● **Problem requirements**:
Pictures must not be copied, but every entry must be reproduced exactly.

● **Data for this task**:
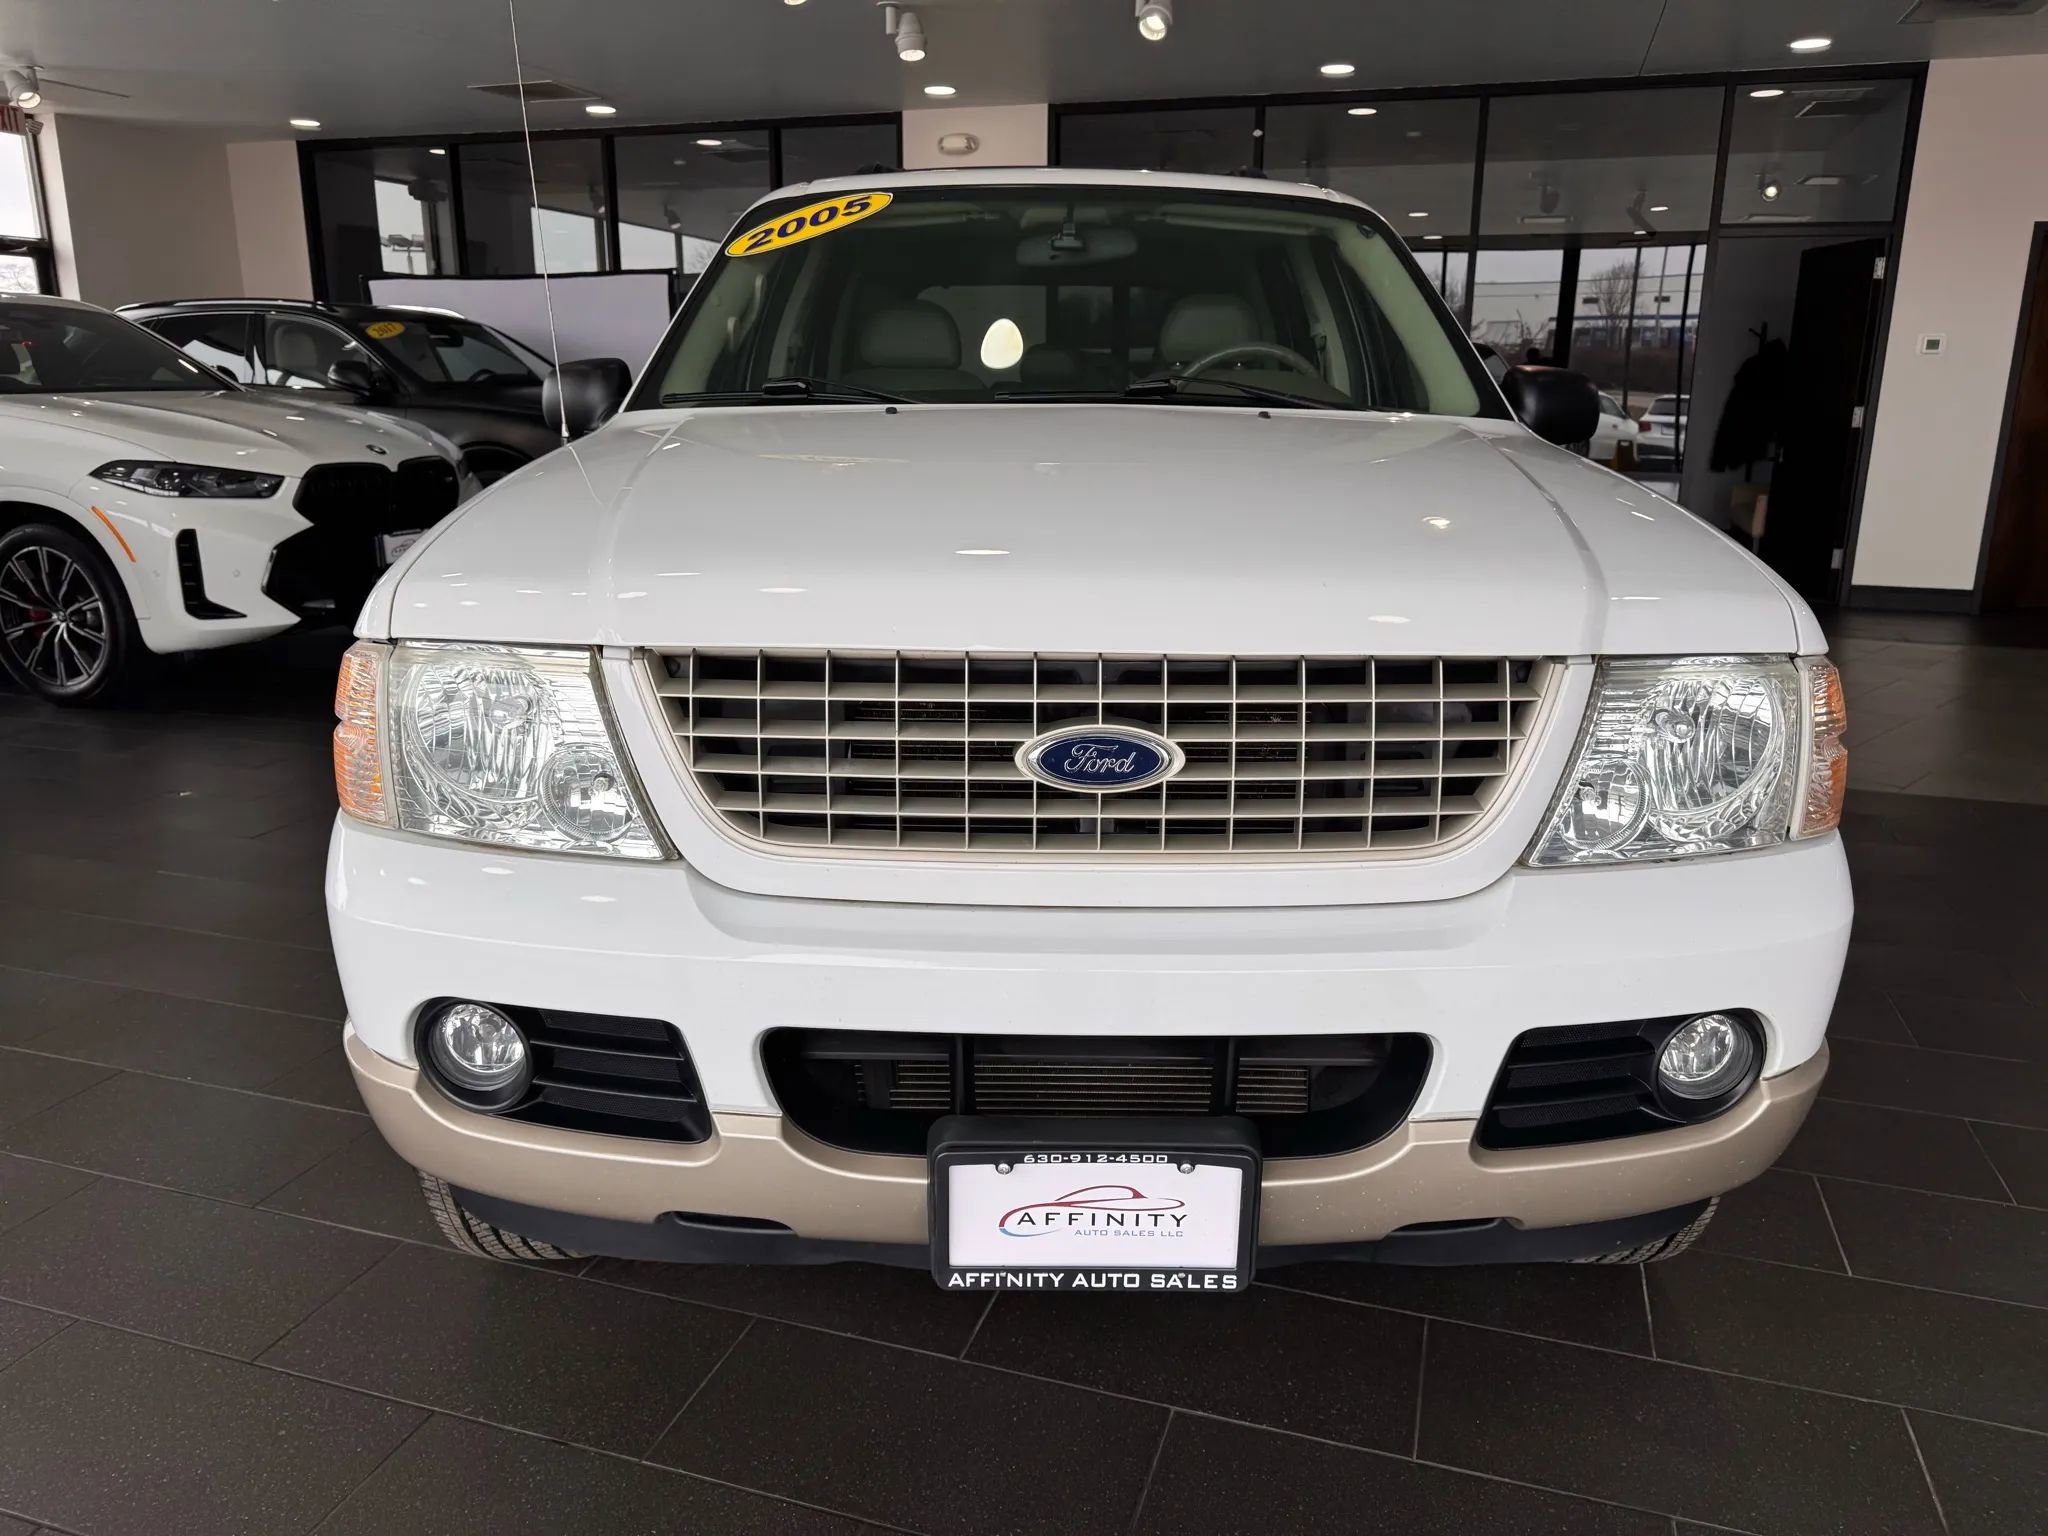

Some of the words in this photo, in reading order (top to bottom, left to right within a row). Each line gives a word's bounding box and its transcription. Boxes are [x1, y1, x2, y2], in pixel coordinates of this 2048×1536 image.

[0, 105, 20, 132] XIT
[743, 195, 872, 253] 2005
[1063, 743, 1137, 773] Ford
[1023, 1154, 1169, 1163] 630-912-4500
[1017, 1212, 1188, 1227] AFFINITY
[947, 1272, 1065, 1288] AFFINITY
[1071, 1273, 1140, 1289] AUTO
[1150, 1273, 1238, 1290] SALES
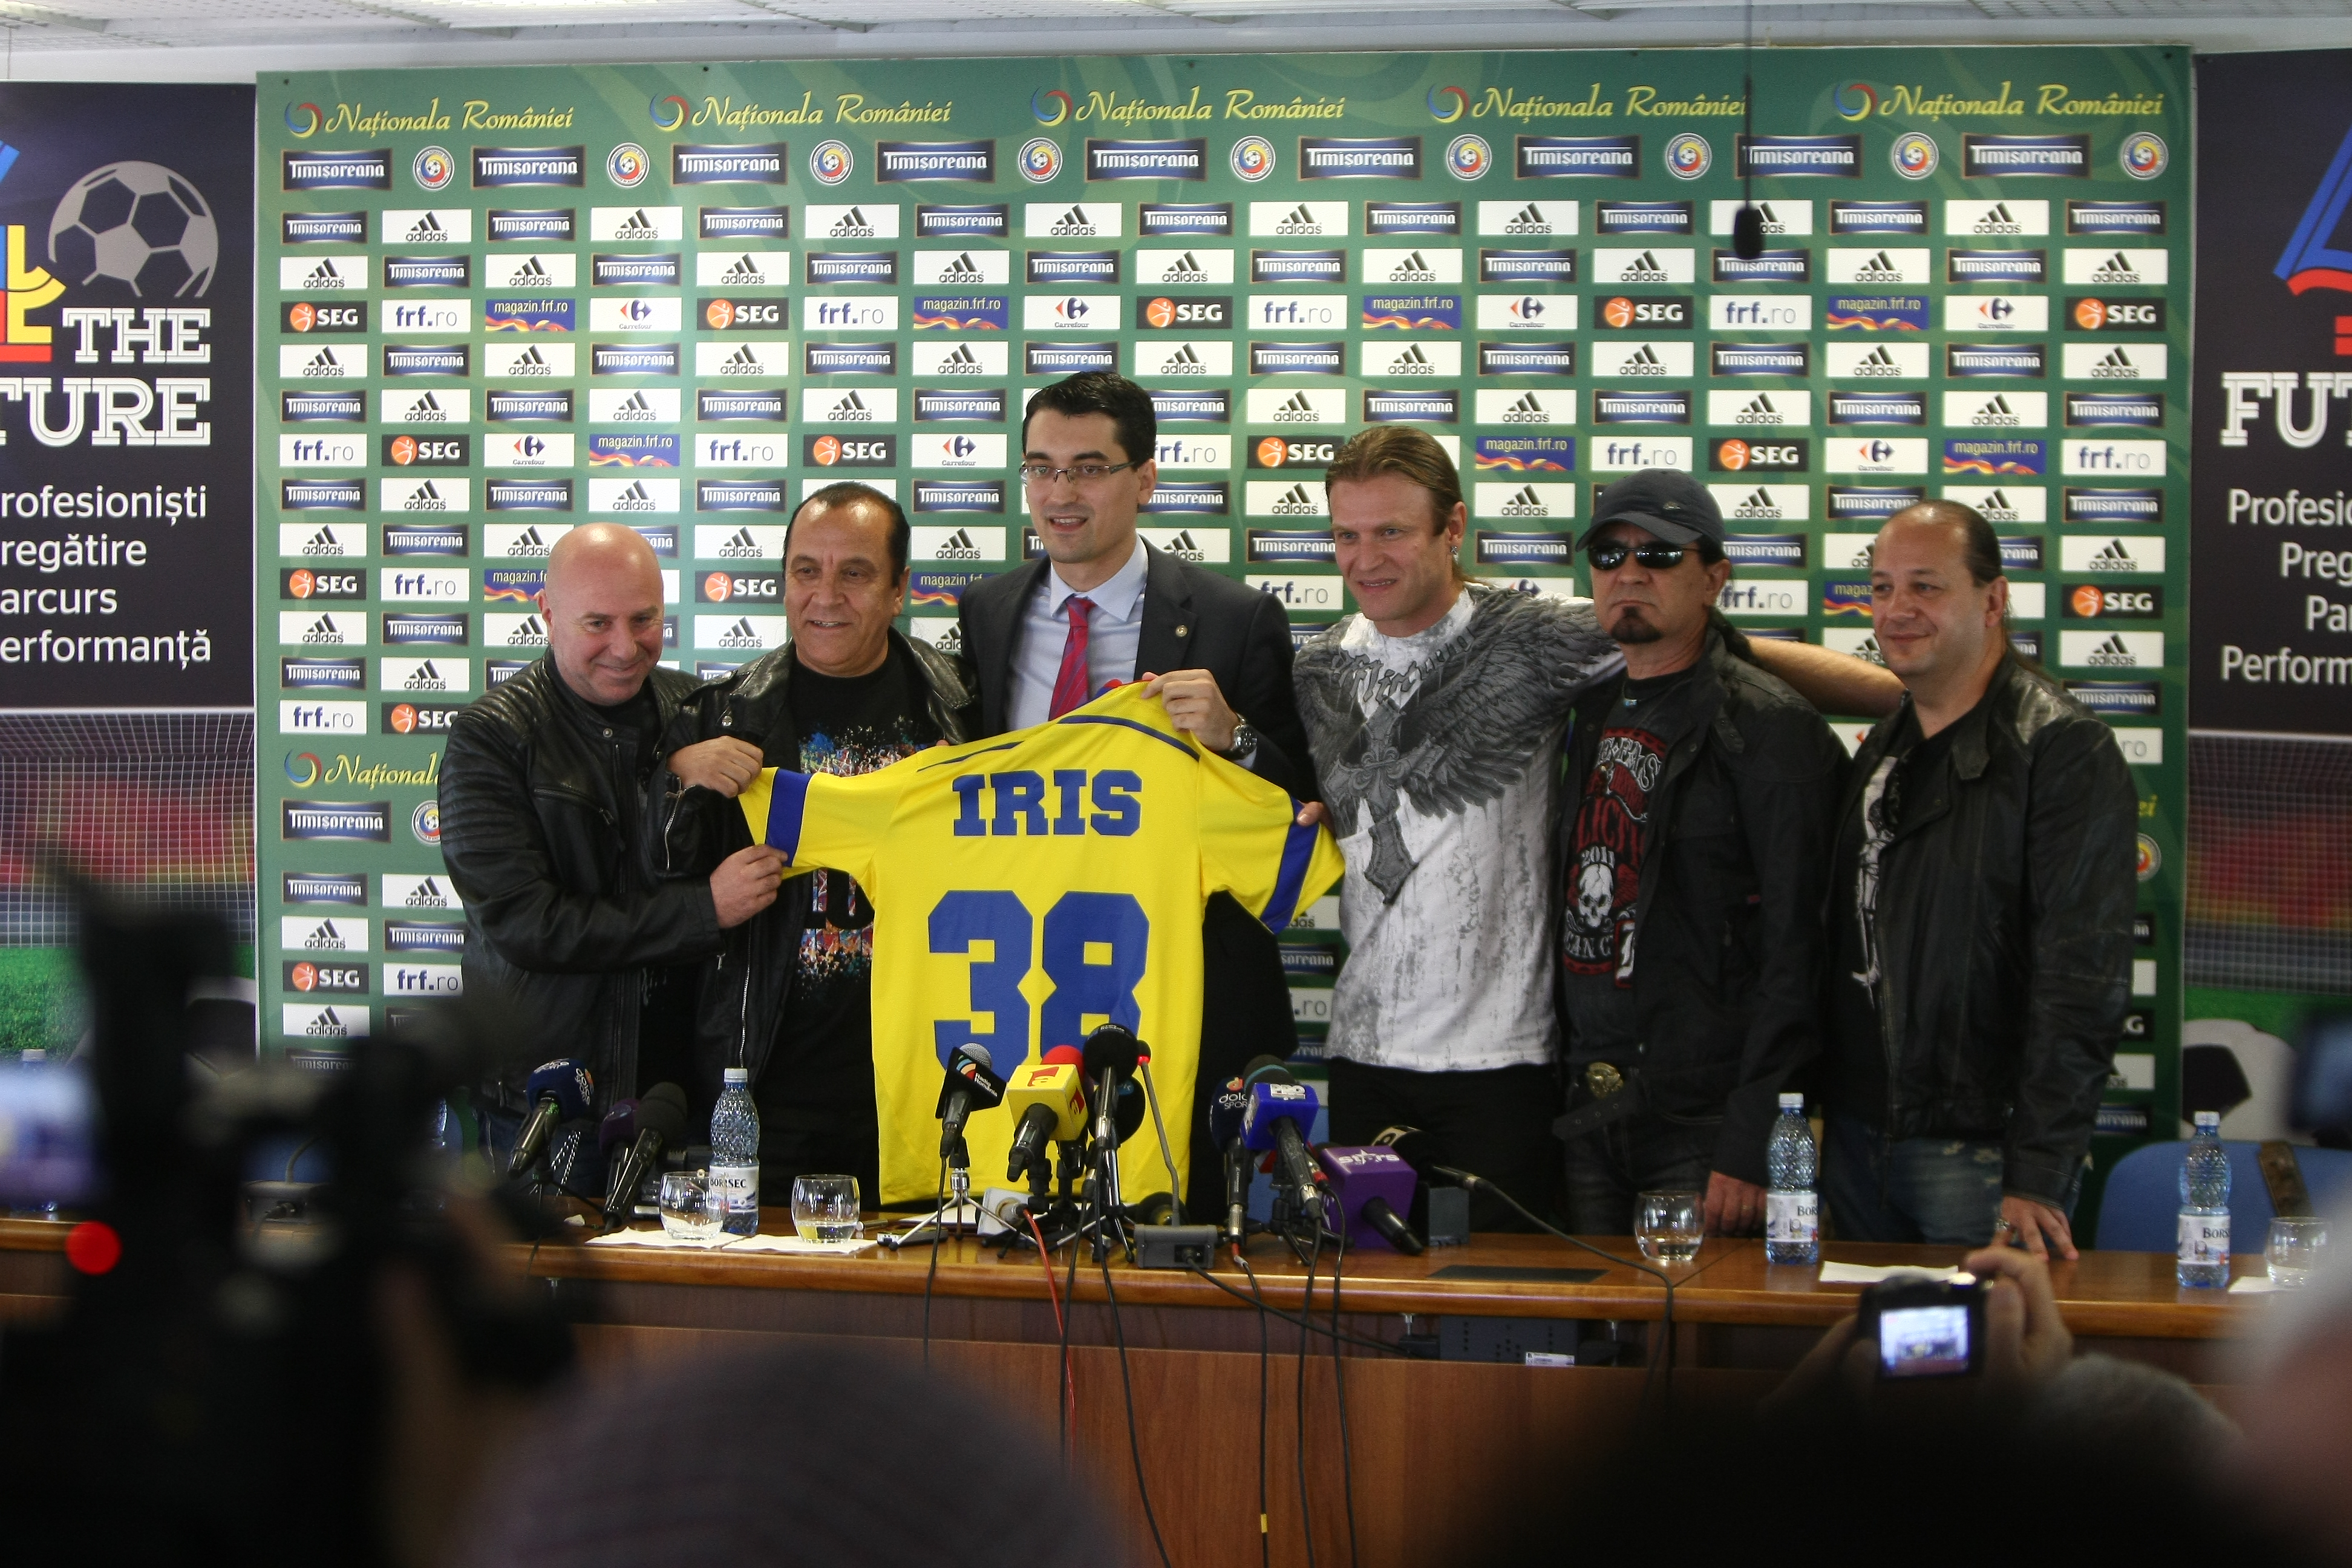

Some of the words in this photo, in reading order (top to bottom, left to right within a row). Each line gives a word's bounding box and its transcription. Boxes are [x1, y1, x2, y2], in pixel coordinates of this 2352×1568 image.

[1225, 88, 1344, 119] României
[1627, 85, 1745, 116] României
[2037, 83, 2163, 115] României
[462, 99, 573, 129] României
[836, 93, 950, 123] României
[406, 230, 448, 243] adidas
[615, 227, 658, 240] adidas
[830, 226, 875, 238] adidas
[1051, 224, 1096, 237] adidas
[1506, 222, 1552, 235] adidas
[304, 276, 345, 289] adidas
[509, 275, 552, 287] adidas
[936, 272, 985, 285] adidas
[1160, 271, 1209, 284] adidas
[1390, 270, 1436, 283] adidas
[494, 299, 568, 315] magazin.frf.ro
[818, 302, 883, 324] frf.ro
[923, 297, 1001, 313] magazin.frf.ro
[1177, 304, 1223, 321] SEG
[1264, 301, 1331, 323] frf.ro
[1636, 304, 1683, 321] SEG
[1725, 301, 1795, 324] frf.ro
[317, 309, 358, 325] SEG
[396, 305, 457, 327] frf.ro
[735, 305, 779, 323] SEG
[2107, 305, 2156, 323] SEG
[62, 307, 211, 363] THE
[301, 365, 345, 378] adidas
[509, 364, 551, 377] adidas
[1161, 362, 1206, 375] adidas
[1620, 363, 1666, 376] adidas
[405, 410, 446, 423] adidas
[612, 410, 656, 422] adidas
[1503, 410, 1549, 422] adidas
[598, 434, 673, 450] magazin.frf.ro
[710, 439, 773, 461] frf.ro
[293, 440, 353, 461] frf.ro
[419, 442, 460, 459] SEG
[842, 442, 886, 459] SEG
[1288, 443, 1334, 462] SEG
[1607, 443, 1676, 465] frf.ro
[1751, 446, 1798, 464] SEG
[2079, 446, 2151, 469] frf.ro
[402, 499, 446, 512] adidas
[610, 500, 658, 513] adidas
[1271, 503, 1318, 516] adidas
[1502, 505, 1548, 517] adidas
[1, 533, 146, 573] regătire
[302, 544, 344, 557] adidas
[507, 545, 552, 558] adidas
[718, 546, 764, 559] adidas
[936, 547, 981, 560] adidas
[316, 575, 357, 593] SEG
[394, 573, 456, 595] frf.ro
[734, 578, 777, 596] SEG
[0, 589, 117, 614] arcurs
[2104, 592, 2153, 611] SEG
[302, 632, 344, 645] adidas
[718, 637, 765, 650] adidas
[405, 678, 446, 691] adidas
[293, 706, 353, 728] frf.ro
[953, 769, 1142, 836] IRIS
[406, 895, 446, 907] adidas
[305, 937, 345, 950] adidas
[319, 970, 359, 986] SEG
[397, 970, 459, 991] frf.ro
[928, 890, 1150, 1082] 38
[307, 1024, 348, 1036] adidas
[1219, 1092, 1247, 1103] dolc
[1224, 1101, 1248, 1109] SPOR
[1797, 1205, 1818, 1217] BOR

● **Answer box**:
Some of the words in this photo, in reading order (top to bottom, left to right within a row). Each line gives a word's bounding box and its transcription. Boxes are [x1, y1, x2, y2], in pixel coordinates of this 2048×1536 image.

[0, 105, 20, 132] XIT
[743, 195, 872, 253] 2005
[1063, 743, 1137, 773] Ford
[1023, 1154, 1169, 1163] 630-912-4500
[1017, 1212, 1188, 1227] AFFINITY
[947, 1272, 1065, 1288] AFFINITY
[1071, 1273, 1140, 1289] AUTO
[1150, 1273, 1238, 1290] SALES

Some of the words in this photo, in reading order (top to bottom, left to right within a row). Each line gives a word's bounding box and its transcription. Boxes are [x1, y1, x2, y2], in pixel coordinates of this 2352×1568 image.

[1225, 88, 1344, 119] României
[1627, 85, 1745, 116] României
[2037, 83, 2163, 115] României
[462, 99, 573, 129] României
[836, 93, 950, 123] României
[406, 230, 448, 243] adidas
[615, 227, 658, 240] adidas
[830, 226, 875, 238] adidas
[1051, 224, 1096, 237] adidas
[1506, 222, 1552, 235] adidas
[304, 276, 345, 289] adidas
[509, 275, 552, 287] adidas
[936, 272, 985, 285] adidas
[1160, 271, 1209, 284] adidas
[1390, 270, 1436, 283] adidas
[494, 299, 568, 315] magazin.frf.ro
[818, 302, 883, 324] frf.ro
[923, 297, 1001, 313] magazin.frf.ro
[1177, 304, 1223, 321] SEG
[1264, 301, 1331, 323] frf.ro
[1636, 304, 1683, 321] SEG
[1725, 301, 1795, 324] frf.ro
[317, 309, 358, 325] SEG
[396, 305, 457, 327] frf.ro
[735, 305, 779, 323] SEG
[2107, 305, 2156, 323] SEG
[62, 307, 211, 363] THE
[301, 365, 345, 378] adidas
[509, 364, 551, 377] adidas
[1161, 362, 1206, 375] adidas
[1620, 363, 1666, 376] adidas
[405, 410, 446, 423] adidas
[612, 410, 656, 422] adidas
[1503, 410, 1549, 422] adidas
[598, 434, 673, 450] magazin.frf.ro
[710, 439, 773, 461] frf.ro
[293, 440, 353, 461] frf.ro
[419, 442, 460, 459] SEG
[842, 442, 886, 459] SEG
[1288, 443, 1334, 462] SEG
[1607, 443, 1676, 465] frf.ro
[1751, 446, 1798, 464] SEG
[2079, 446, 2151, 469] frf.ro
[402, 499, 446, 512] adidas
[610, 500, 658, 513] adidas
[1271, 503, 1318, 516] adidas
[1502, 505, 1548, 517] adidas
[1, 533, 146, 573] regătire
[302, 544, 344, 557] adidas
[507, 545, 552, 558] adidas
[718, 546, 764, 559] adidas
[936, 547, 981, 560] adidas
[316, 575, 357, 593] SEG
[394, 573, 456, 595] frf.ro
[734, 578, 777, 596] SEG
[0, 589, 117, 614] arcurs
[2104, 592, 2153, 611] SEG
[302, 632, 344, 645] adidas
[718, 637, 765, 650] adidas
[405, 678, 446, 691] adidas
[293, 706, 353, 728] frf.ro
[953, 769, 1142, 836] IRIS
[406, 895, 446, 907] adidas
[305, 937, 345, 950] adidas
[319, 970, 359, 986] SEG
[397, 970, 459, 991] frf.ro
[928, 890, 1150, 1082] 38
[307, 1024, 348, 1036] adidas
[1219, 1092, 1247, 1103] dolc
[1224, 1101, 1248, 1109] SPOR
[1797, 1205, 1818, 1217] BOR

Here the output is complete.